**Work to be completed:** Return the records exactly, with nothing added.

**Material provided:**
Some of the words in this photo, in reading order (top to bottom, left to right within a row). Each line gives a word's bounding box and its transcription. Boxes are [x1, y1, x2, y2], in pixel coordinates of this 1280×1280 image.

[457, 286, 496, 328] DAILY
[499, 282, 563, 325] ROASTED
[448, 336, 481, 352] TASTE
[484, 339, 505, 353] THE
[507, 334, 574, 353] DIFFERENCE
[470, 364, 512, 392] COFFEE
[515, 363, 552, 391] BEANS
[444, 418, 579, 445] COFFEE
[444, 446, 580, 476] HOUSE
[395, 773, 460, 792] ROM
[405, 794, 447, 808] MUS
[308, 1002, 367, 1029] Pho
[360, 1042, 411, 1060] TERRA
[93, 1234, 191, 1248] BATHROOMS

**Solution for this task:**
Some of the words in this photo, in reading order (top to bottom, left to right within a row). Each line gives a word's bounding box and its transcription. Boxes are [x1, y1, x2, y2], in pixel coordinates of this 1280×1280 image.

[457, 286, 496, 328] DAILY
[499, 282, 563, 325] ROASTED
[448, 336, 481, 352] TASTE
[484, 339, 505, 353] THE
[507, 334, 574, 353] DIFFERENCE
[470, 364, 512, 392] COFFEE
[515, 363, 552, 391] BEANS
[444, 418, 579, 445] COFFEE
[444, 446, 580, 476] HOUSE
[395, 773, 460, 792] ROM
[405, 794, 447, 808] MUS
[308, 1002, 367, 1029] Pho
[360, 1042, 411, 1060] TERRA
[93, 1234, 191, 1248] BATHROOMS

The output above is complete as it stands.